• _RAW DATA_
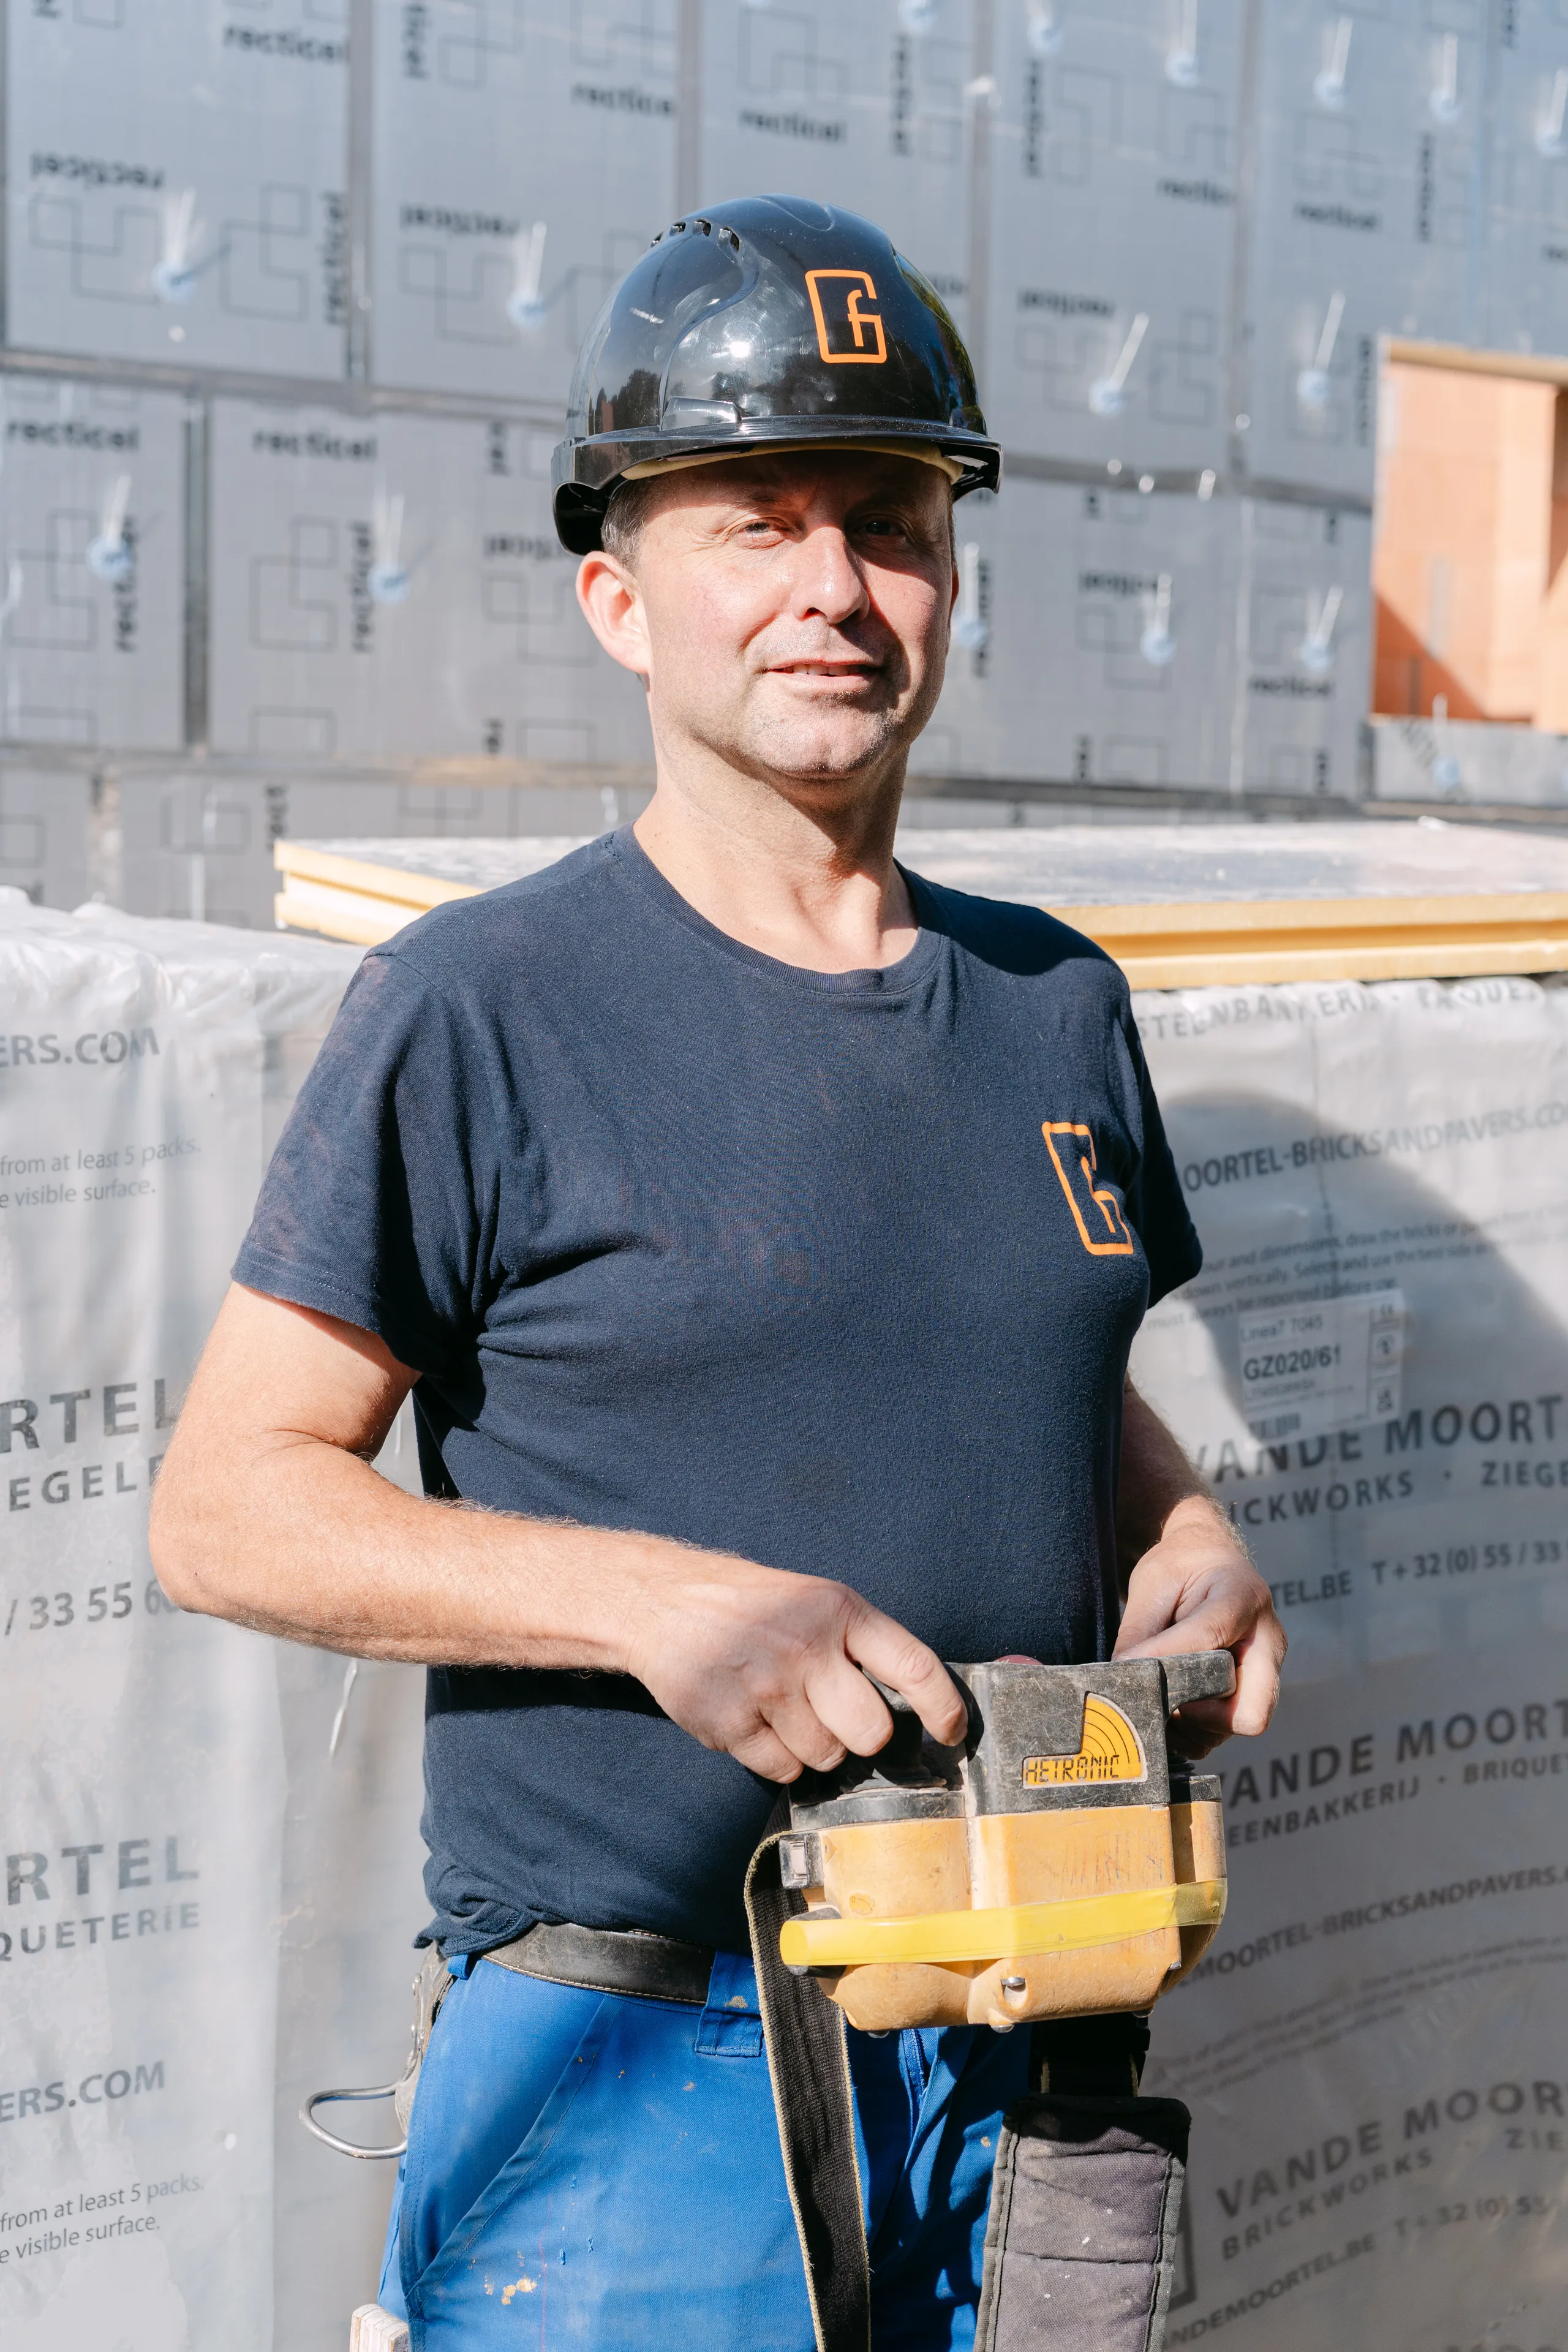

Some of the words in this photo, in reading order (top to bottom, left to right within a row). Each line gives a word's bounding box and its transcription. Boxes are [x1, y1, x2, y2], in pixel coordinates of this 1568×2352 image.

[0, 1154, 46, 1177] from
[51, 1153, 70, 1172] at
[77, 1147, 119, 1170] least
[126, 1145, 135, 1166] 5
[141, 1134, 202, 1167] packs.
[15, 1183, 77, 1207] visible
[83, 1177, 156, 1202] surface.
[1243, 1343, 1341, 1381] GZ020/61
[0, 1378, 176, 1453] RTEL
[1385, 1393, 1563, 1455] MOORT
[29, 1593, 75, 1630] 33
[88, 1582, 132, 1623] 55
[1025, 1754, 1120, 1785] HETRONIC
[1221, 1732, 1374, 1809] ANDE
[1463, 1752, 1568, 1785] BRIQUE
[7, 1836, 200, 1906] RTEL
[1216, 2120, 1382, 2220] VANDE
[0, 2207, 48, 2233] from
[54, 2199, 74, 2219] at
[80, 2188, 125, 2214] least
[130, 2183, 141, 2203] 5
[146, 2173, 205, 2204] packs.
[16, 2228, 80, 2260] visible
[86, 2214, 160, 2242] surface.

• _BRIEF_
A verbatim copy of every record is required, with all pictures excluded.

• _ANSWER BOX_
Some of the words in this photo, in reading order (top to bottom, left to right within a row). Each line gives a word's bounding box and its transcription. Boxes are [x1, y1, x2, y2], in pixel coordinates of this 1568×2352 image.

[0, 1154, 46, 1177] from
[51, 1153, 70, 1172] at
[77, 1147, 119, 1170] least
[126, 1145, 135, 1166] 5
[141, 1134, 202, 1167] packs.
[15, 1183, 77, 1207] visible
[83, 1177, 156, 1202] surface.
[1243, 1343, 1341, 1381] GZ020/61
[0, 1378, 176, 1453] RTEL
[1385, 1393, 1563, 1455] MOORT
[29, 1593, 75, 1630] 33
[88, 1582, 132, 1623] 55
[1025, 1754, 1120, 1785] HETRONIC
[1221, 1732, 1374, 1809] ANDE
[1463, 1752, 1568, 1785] BRIQUE
[7, 1836, 200, 1906] RTEL
[1216, 2120, 1382, 2220] VANDE
[0, 2207, 48, 2233] from
[54, 2199, 74, 2219] at
[80, 2188, 125, 2214] least
[130, 2183, 141, 2203] 5
[146, 2173, 205, 2204] packs.
[16, 2228, 80, 2260] visible
[86, 2214, 160, 2242] surface.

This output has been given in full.